Drawing parallels to the work of mighty Frank Zappa and David Bowie, as well as Isis, Cult of Luna, the Mars Volta and the Dear Hunter, the Atlanta-based band Spurge seems like a promising act. But delving deeper to their most recent release, an EP simply titled “Four More Songs” reveals plethora of different sounds and vibes.

The creator of the band, bassist Jen Hodges gives us an insight into the world of Spurge, their writing process, and more.

What made you go for the name Spurge?

When I first got players together in Nashville, this was just a solo project and I was releasing material as Jen Hodges.  My musicians were wanting like a “Jen Hodges and something or other” name.  I told them I was down and whatever they picked was good for me.  My drummer at the time had a very endearing lisp and excited called out “Sthpurge!”  We were all kind of unsure what he said at first. He said it again and told us it was a kind of weed.  We all dug the double entendre.  For a while we called ourselves Jen Hodges and Spurge.  We dropped the Jen Hodges this year because the band feels like a total group effort at this point.

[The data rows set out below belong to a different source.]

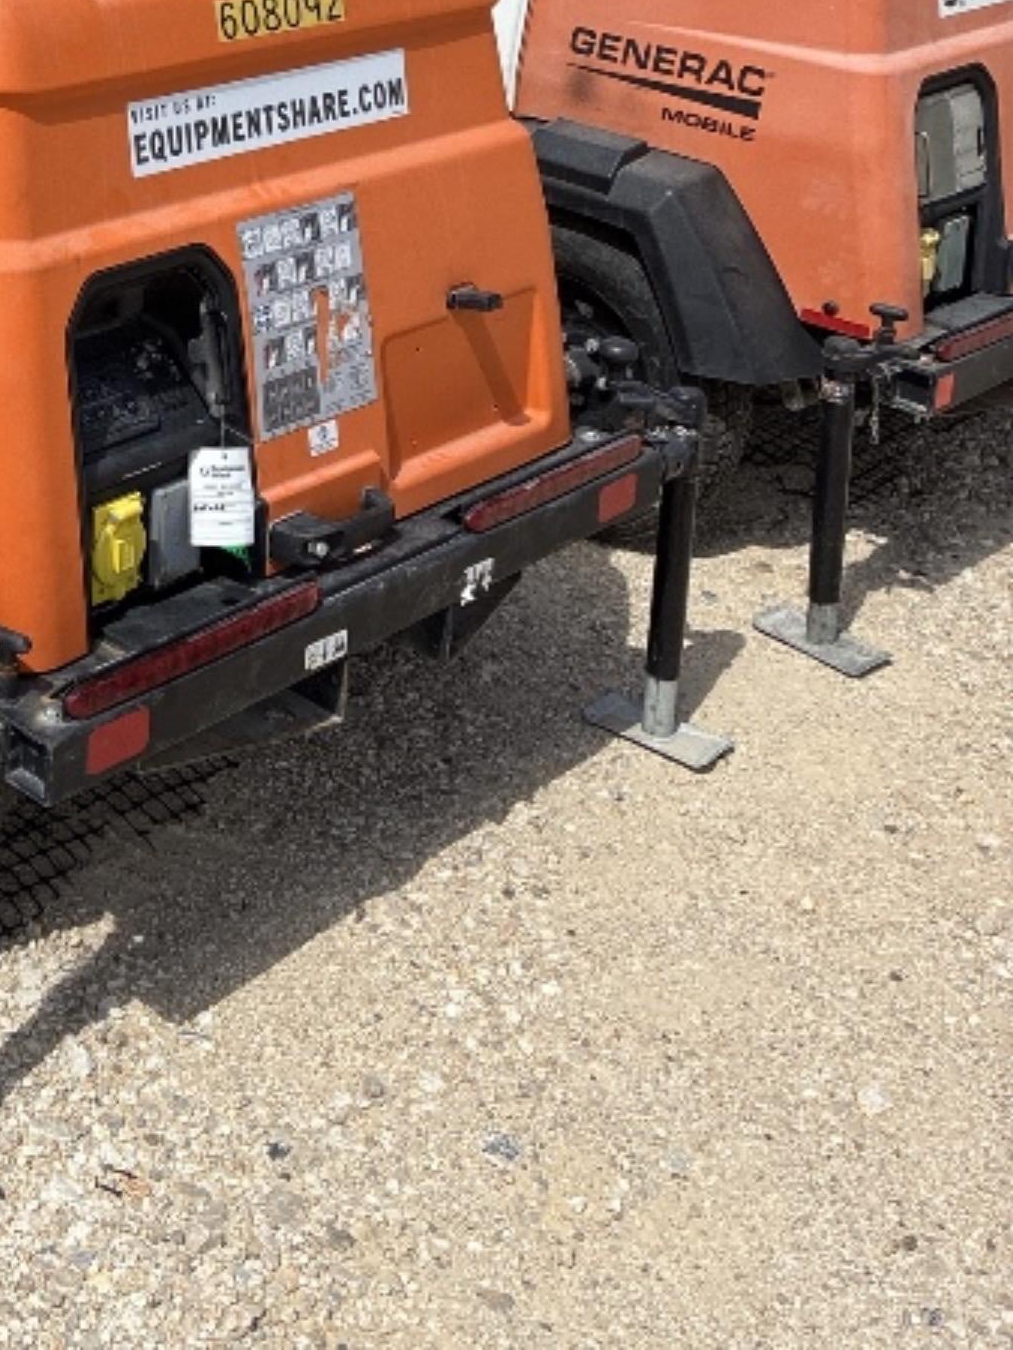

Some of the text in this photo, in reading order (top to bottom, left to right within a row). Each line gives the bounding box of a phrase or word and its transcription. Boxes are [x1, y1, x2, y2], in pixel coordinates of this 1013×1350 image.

[570, 26, 766, 97] GENERAC
[130, 104, 168, 124] VISIT
[173, 98, 191, 115] US
[133, 77, 405, 166] EQUIPMENTSHARE.COM
[661, 107, 756, 141] MOBILE

How do you usually describe your music?

I like to call it progressive post rock.  Most of the time people have no idea what that means so I end up explaining that we play post rock type textures but add in guitar/bass/drum solos.  I’ve heard people call it neo-classical rock, experimental,  ambient, and fusion before.  I believe someone called us a jam band once as well.

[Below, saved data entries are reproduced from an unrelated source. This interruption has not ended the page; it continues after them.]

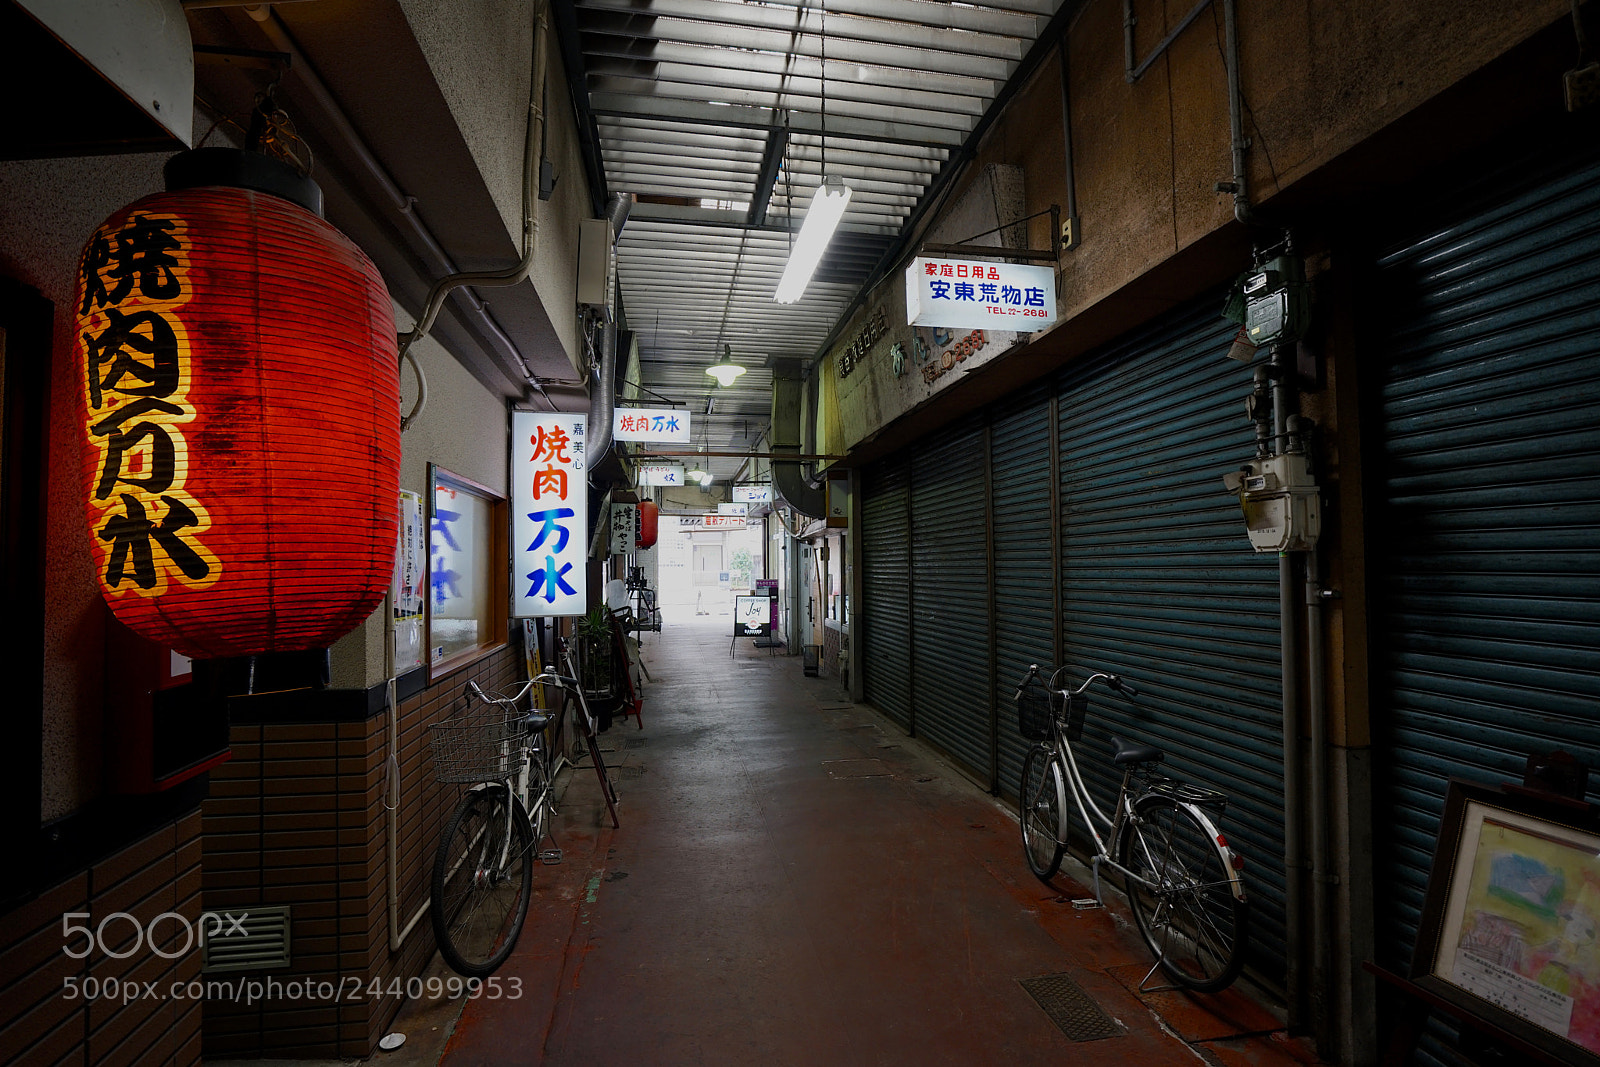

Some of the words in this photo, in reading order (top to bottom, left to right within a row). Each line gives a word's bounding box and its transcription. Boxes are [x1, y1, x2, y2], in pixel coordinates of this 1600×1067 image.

[925, 262, 1000, 280] 家庭日用品
[929, 279, 1045, 307] 安東荒物店
[986, 306, 1007, 315] TEL
[79, 214, 212, 591] 焼肉万水
[620, 415, 680, 433] 焼肉万水
[572, 423, 584, 470] 嘉美心
[525, 424, 578, 604] 焼肉万水
[617, 532, 628, 553] やっこ

What is your writing process like?

Whenever I’m noodling around on the bass or guitar by myself I’ll come up with a few riffs I dig.  I’ll usually collect 15 or so riffs over the course of six months and start stringing them together using theory to craft transitions.  I record a scratch take with me playing all the instruments and send it out to my band.  My band are all top tier at what they do, so I tell them whatever guitar/drum parts they write is cool with me.  They always come back with some pretty sick stuff.  We rehearse it, record it, then I’ll go back in and record my bass solos as the finishing touch.  It’s an odd approach but I like how loose and open it is.  The creative process is my favorite part of playing.

Who or what is your inspiration, if you have any?

There are a lot of players I admire.  Their music inspires me to contribute to humanity’s little collection of sound.  I’ve never been able to duplicate other people’s styles.  Mostly due to my bass being upside down and backwards.  However, I like being a part of the musician community and hearing other people’s music motivates me to keep writing.  Some of the musicians who influenced me at an early age are Flea, Buckethead, Jimmy Urine, Layne Staley, David Gilmore, John Paul Jones, Victor Wooten, and Thundercat.

Four More Songs

What is your favourite piece on the new EP “Four More Songs” and why?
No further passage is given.